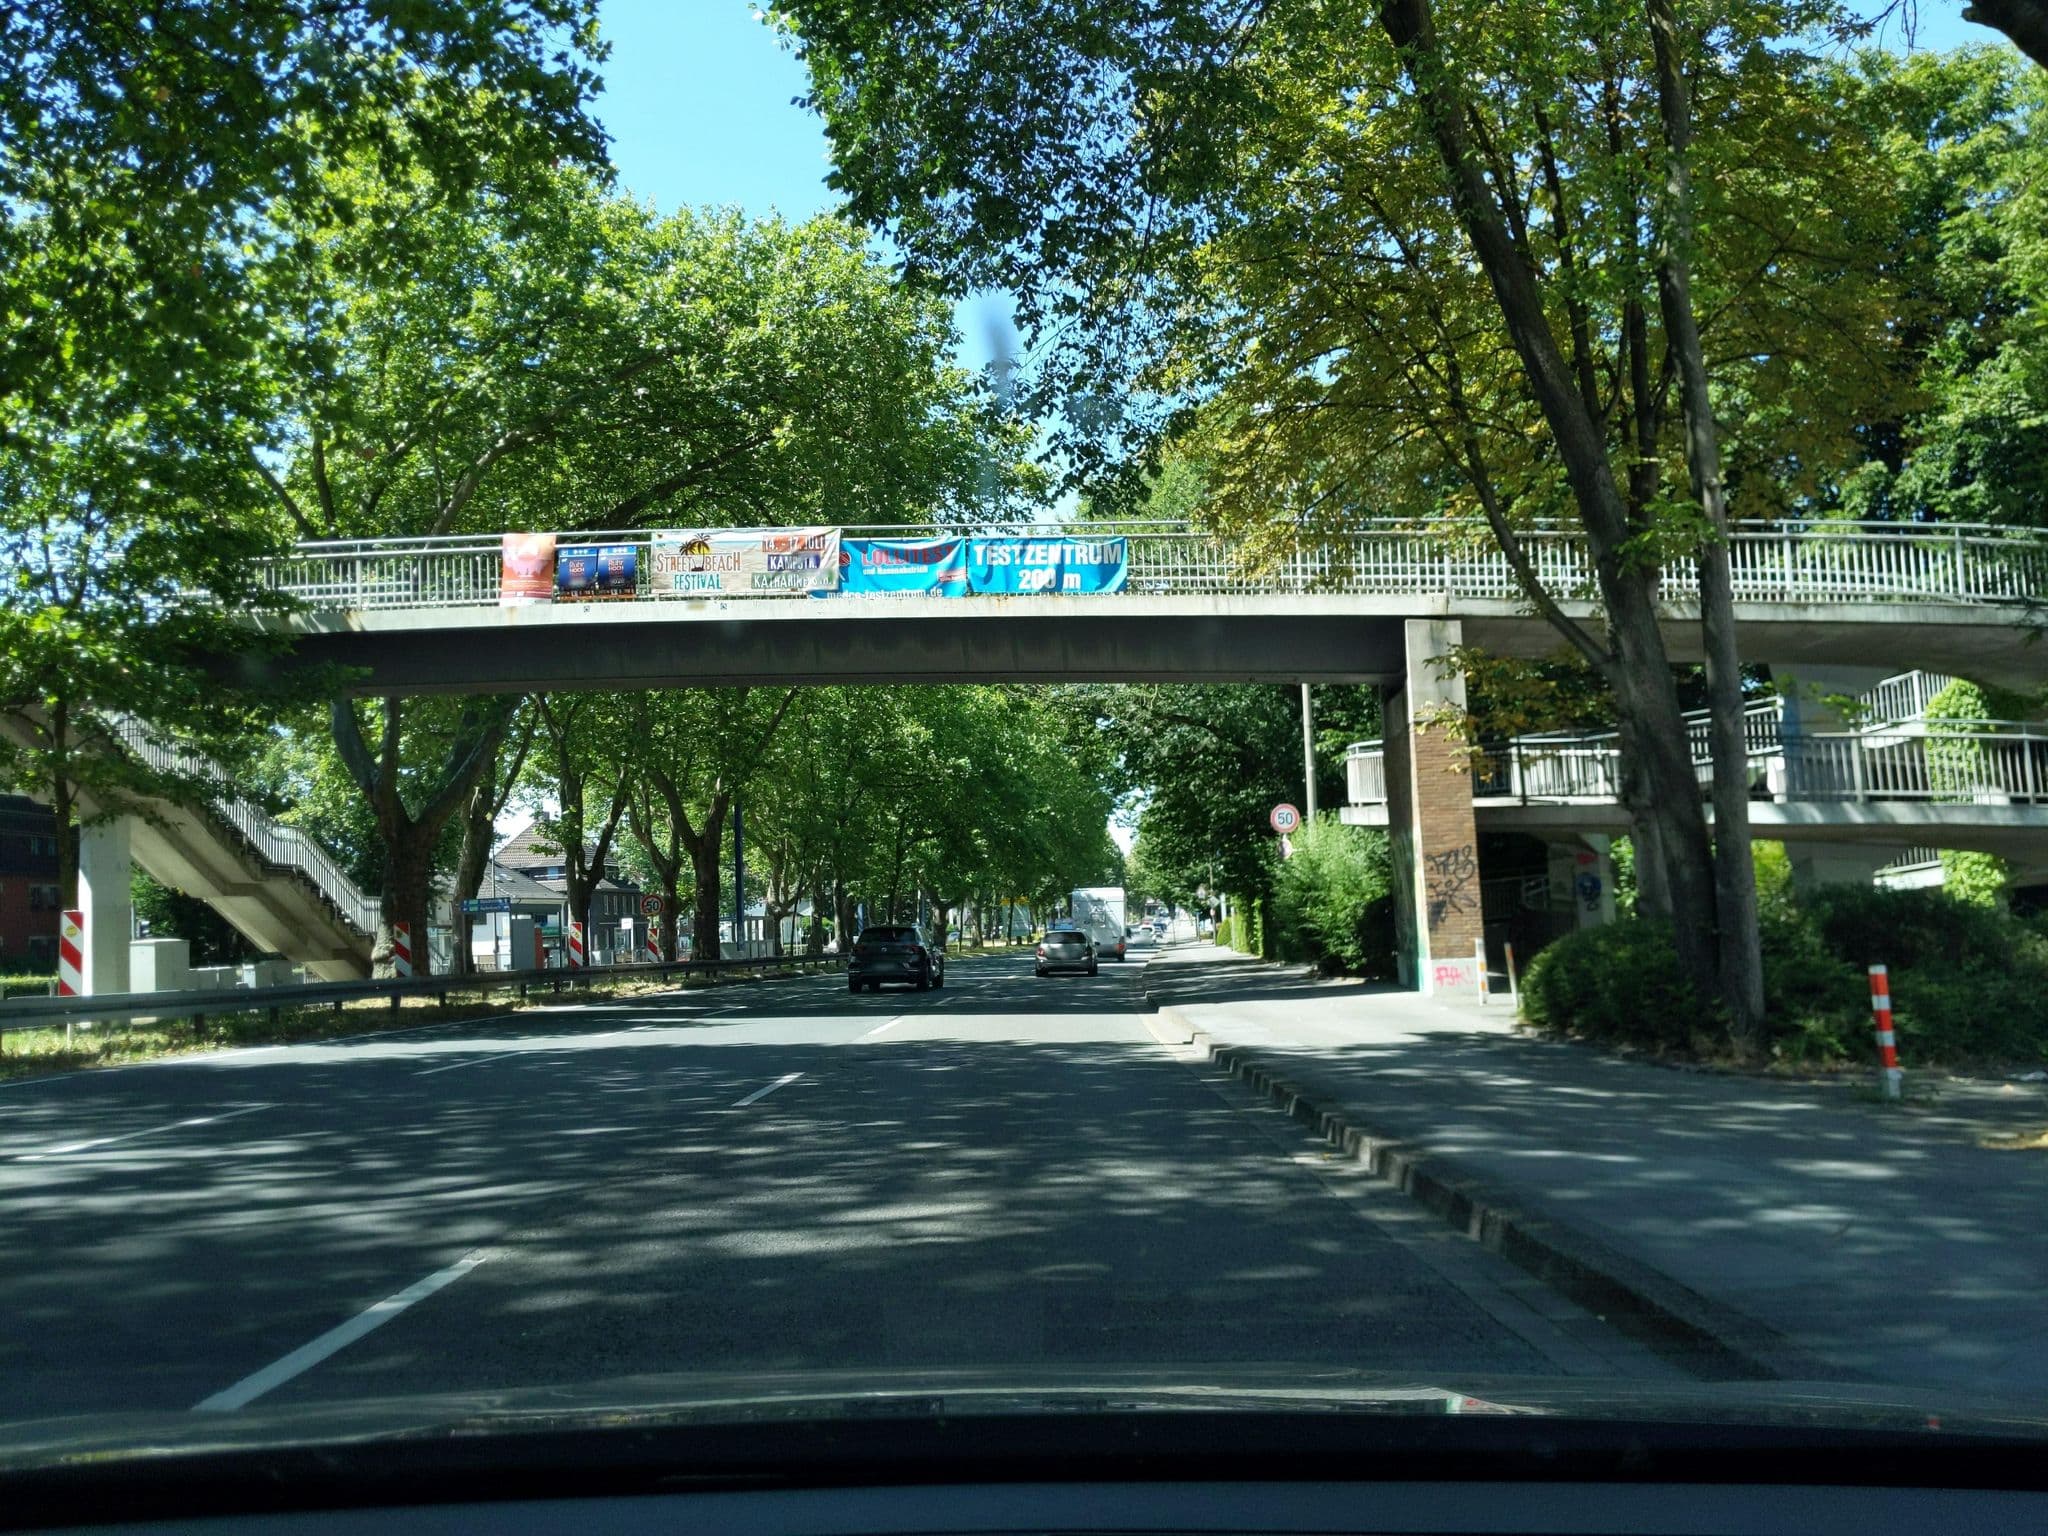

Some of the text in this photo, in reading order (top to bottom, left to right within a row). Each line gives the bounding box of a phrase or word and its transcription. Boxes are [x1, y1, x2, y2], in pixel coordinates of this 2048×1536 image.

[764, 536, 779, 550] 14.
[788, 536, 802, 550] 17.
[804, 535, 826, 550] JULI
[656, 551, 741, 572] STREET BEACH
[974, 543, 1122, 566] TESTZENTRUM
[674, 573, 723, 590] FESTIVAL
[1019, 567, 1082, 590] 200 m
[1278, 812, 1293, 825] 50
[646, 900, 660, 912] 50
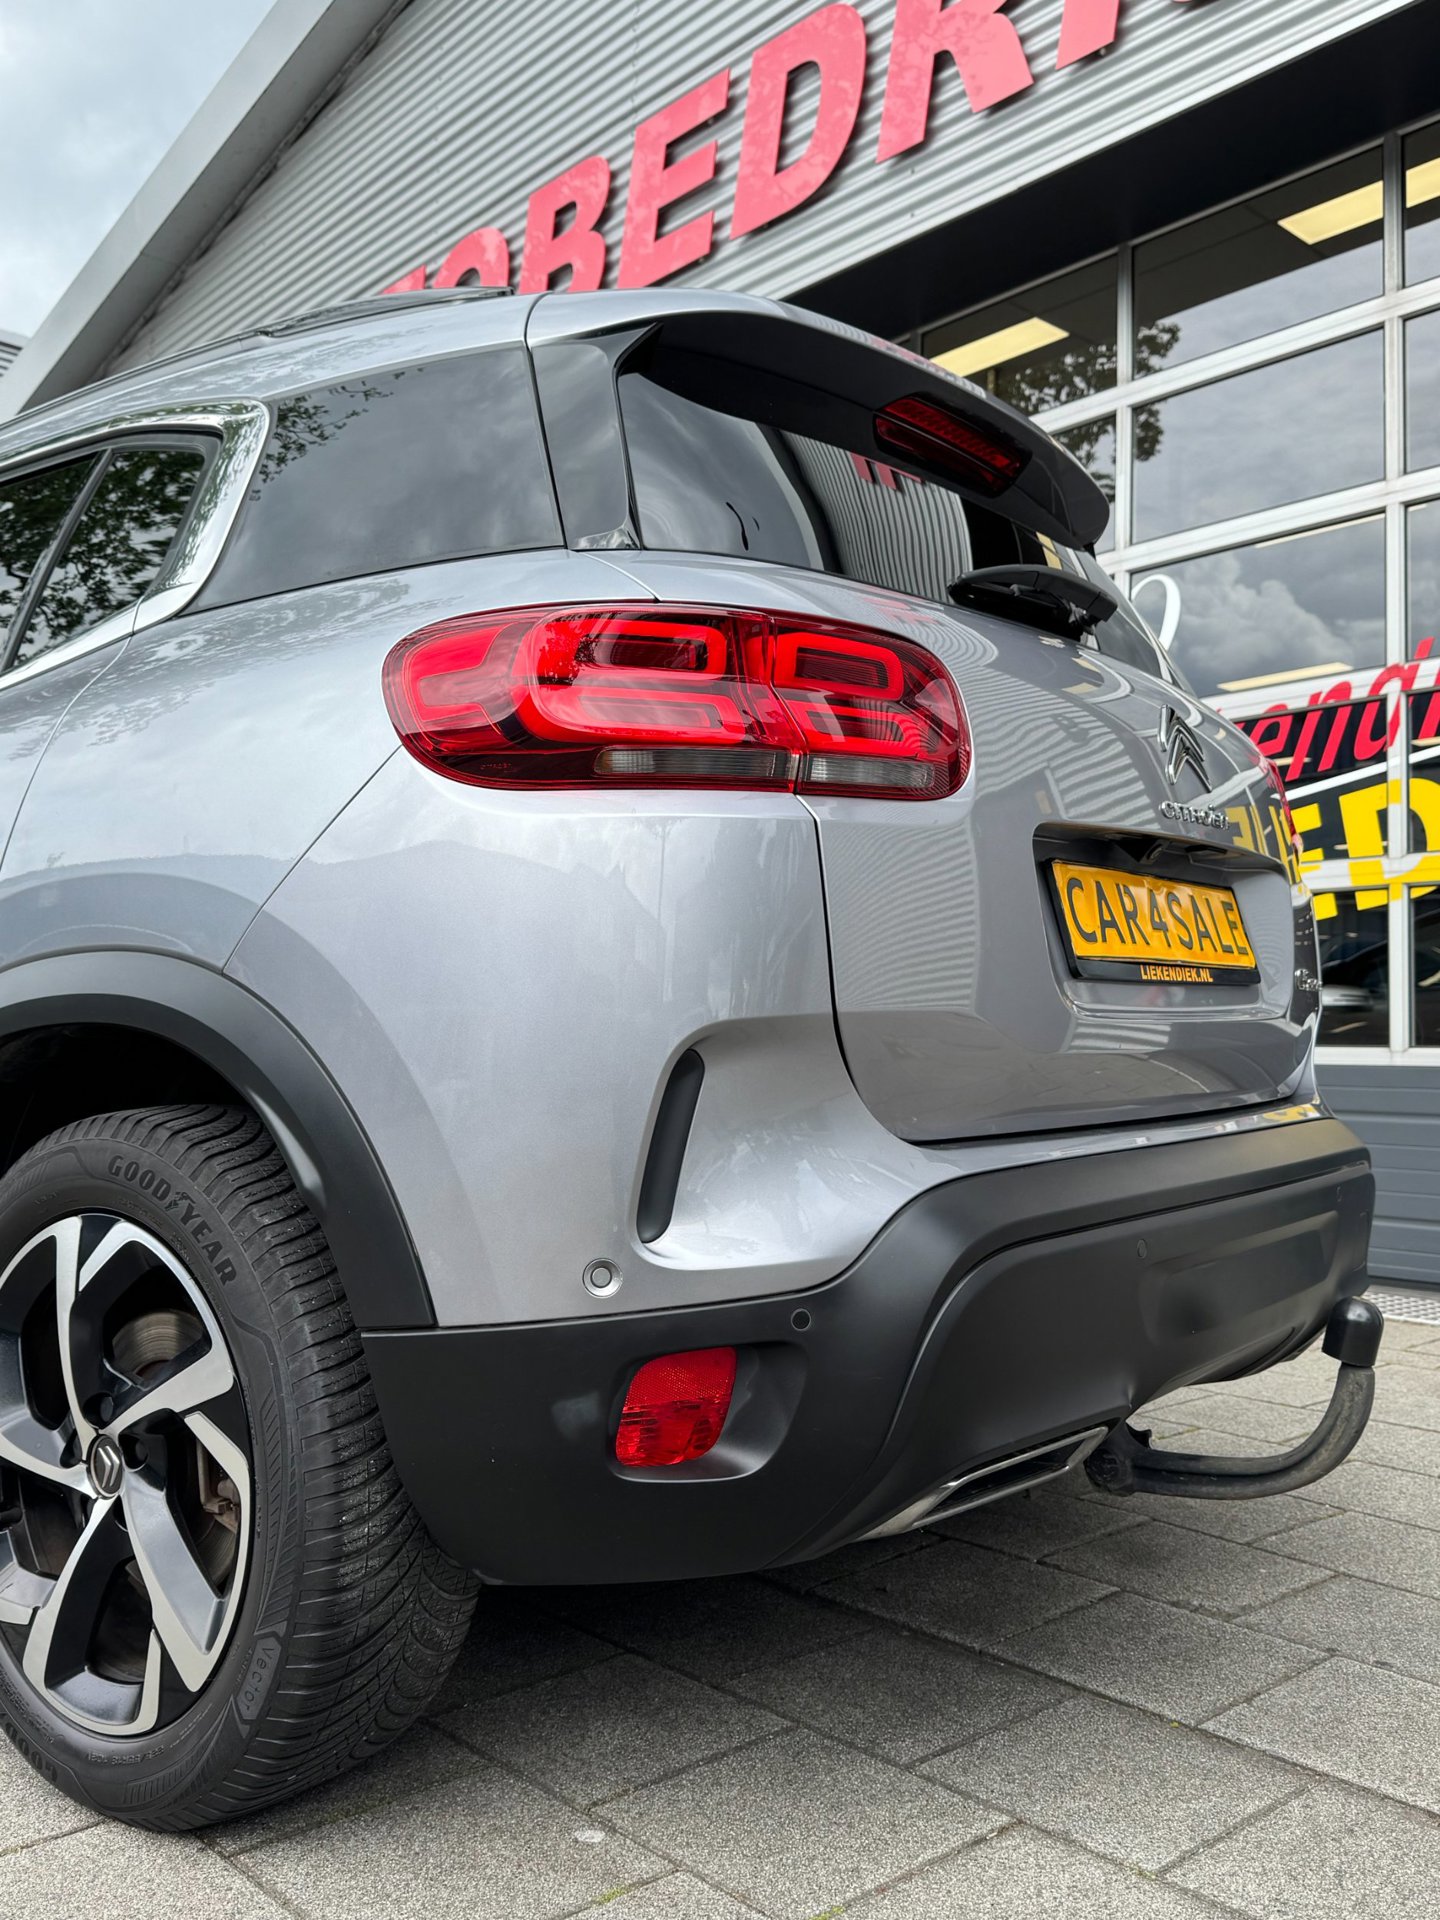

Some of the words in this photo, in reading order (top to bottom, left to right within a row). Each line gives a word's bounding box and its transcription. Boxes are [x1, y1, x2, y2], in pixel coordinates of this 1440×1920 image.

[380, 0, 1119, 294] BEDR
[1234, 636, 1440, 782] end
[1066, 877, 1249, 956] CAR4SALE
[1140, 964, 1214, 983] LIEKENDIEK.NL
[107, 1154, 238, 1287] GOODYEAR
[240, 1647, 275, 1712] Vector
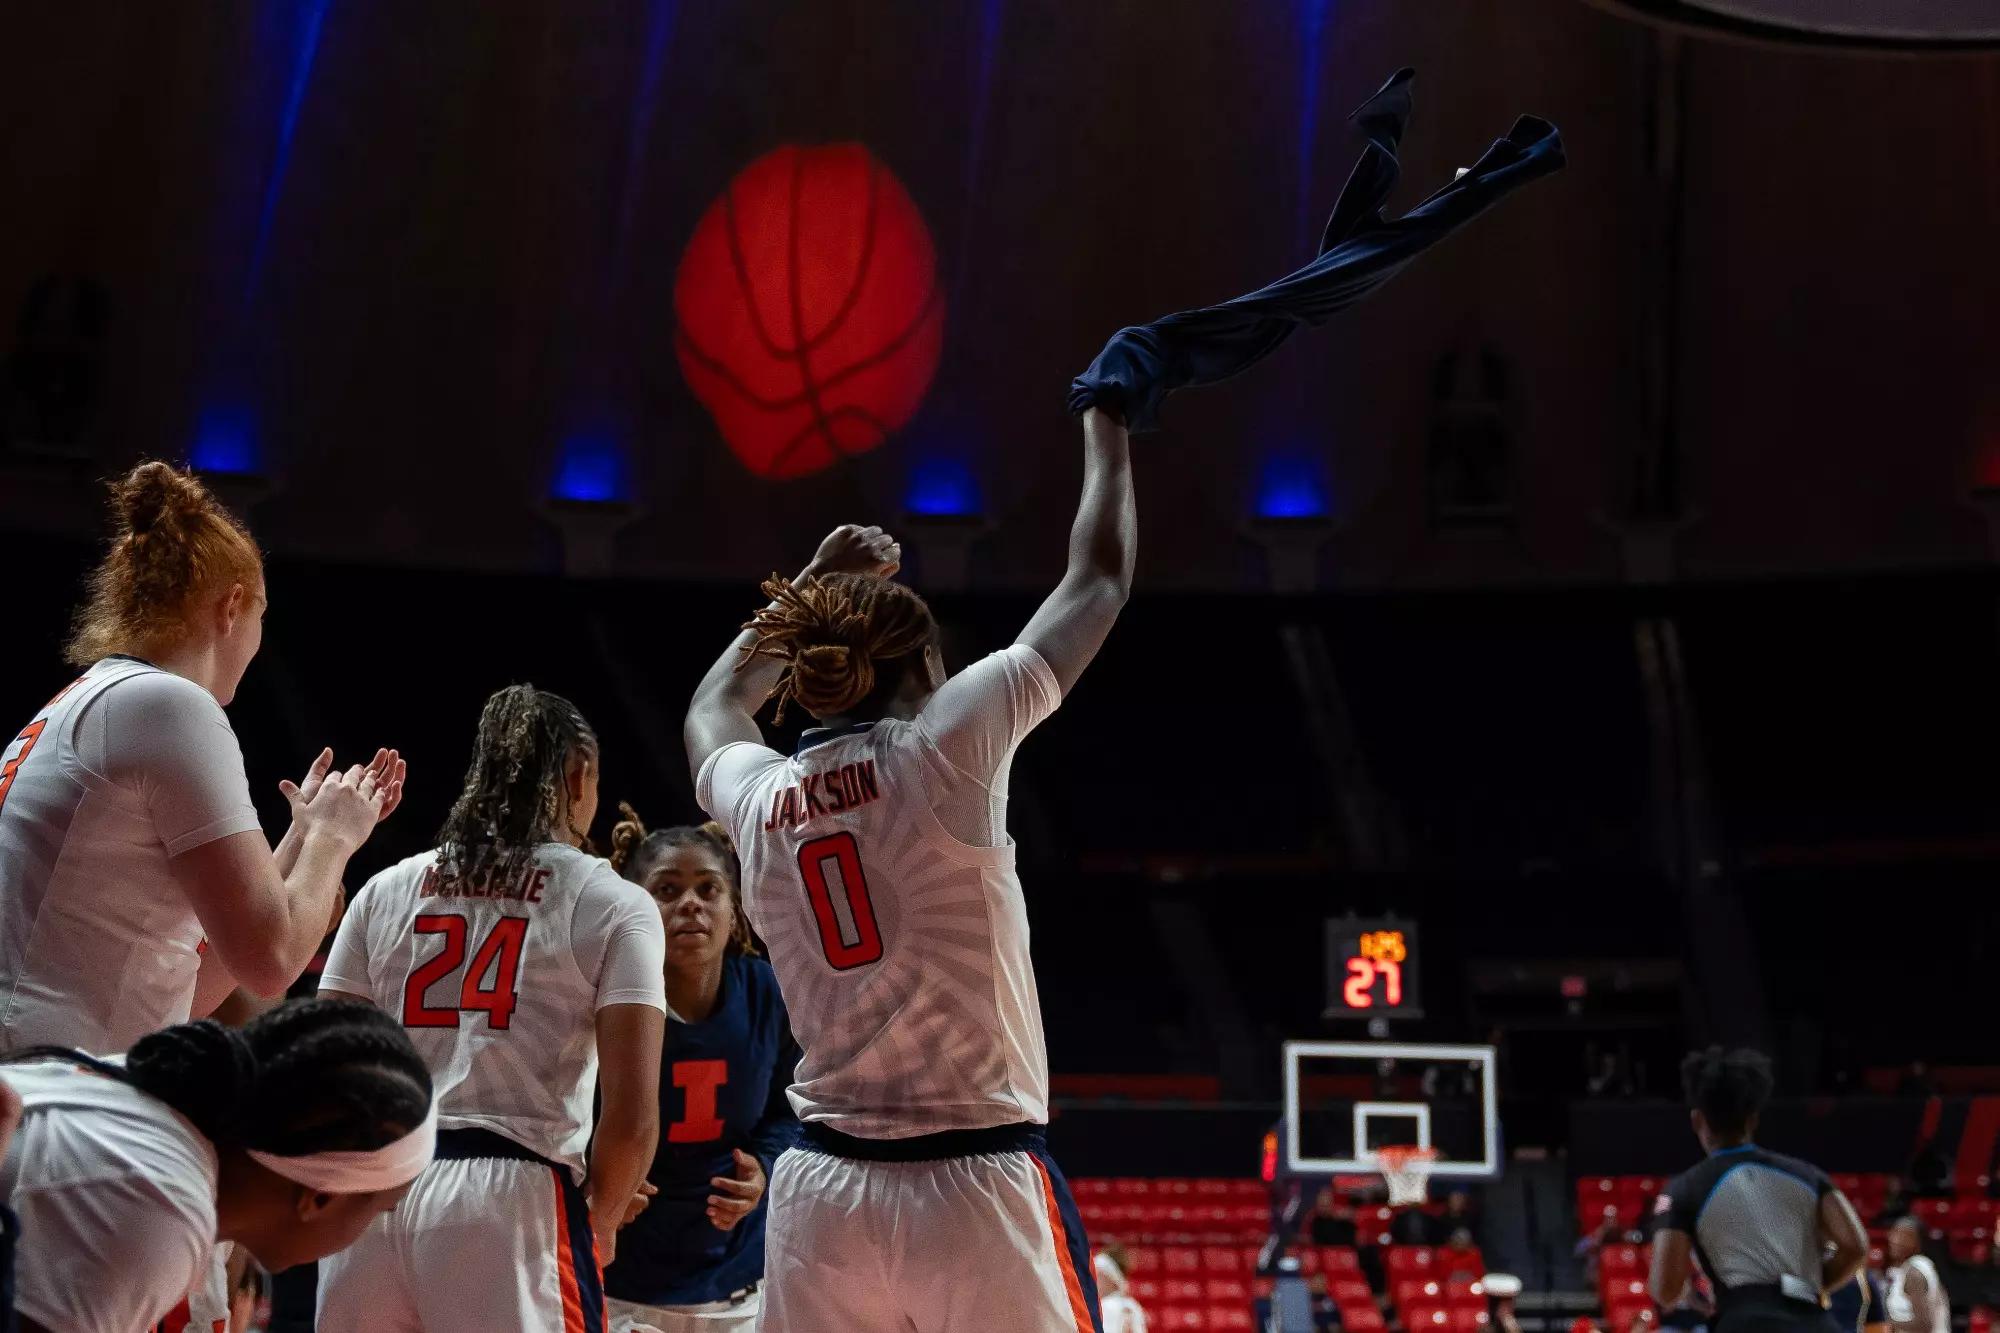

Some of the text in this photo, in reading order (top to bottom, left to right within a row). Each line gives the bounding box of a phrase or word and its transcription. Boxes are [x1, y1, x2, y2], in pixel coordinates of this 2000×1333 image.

◆ Exercise objective ◆
In the copy, include no pictures, but repeat the listing exactly.

◆ Problem solution ◆
Some of the text in this photo, in reading order (top to bottom, left to right within a row). Each line gives the bounding box of a phrase or word and its transcription. Boxes are [x1, y1, x2, y2], in pixel coordinates of this 2048×1536 image.

[764, 536, 779, 550] 14.
[788, 536, 802, 550] 17.
[804, 535, 826, 550] JULI
[656, 551, 741, 572] STREET BEACH
[974, 543, 1122, 566] TESTZENTRUM
[674, 573, 723, 590] FESTIVAL
[1019, 567, 1082, 590] 200 m
[1278, 812, 1293, 825] 50
[646, 900, 660, 912] 50

Some of the words in this photo, in reading order (top to bottom, left to right within a row). Each line gives a word's bounding box and its transcription. Boxes are [x1, y1, x2, y2], in pixel coordinates of this 1440×1920 image.

[380, 0, 1119, 294] BEDR
[1234, 636, 1440, 782] end
[1066, 877, 1249, 956] CAR4SALE
[1140, 964, 1214, 983] LIEKENDIEK.NL
[107, 1154, 238, 1287] GOODYEAR
[240, 1647, 275, 1712] Vector

Some of the text in this photo, in reading order (top to bottom, left to right within a row). Each line gives the bounding box of a phrase or word and its transcription. Boxes are [x1, y1, x2, y2], in pixel coordinates of this 2000×1333 image.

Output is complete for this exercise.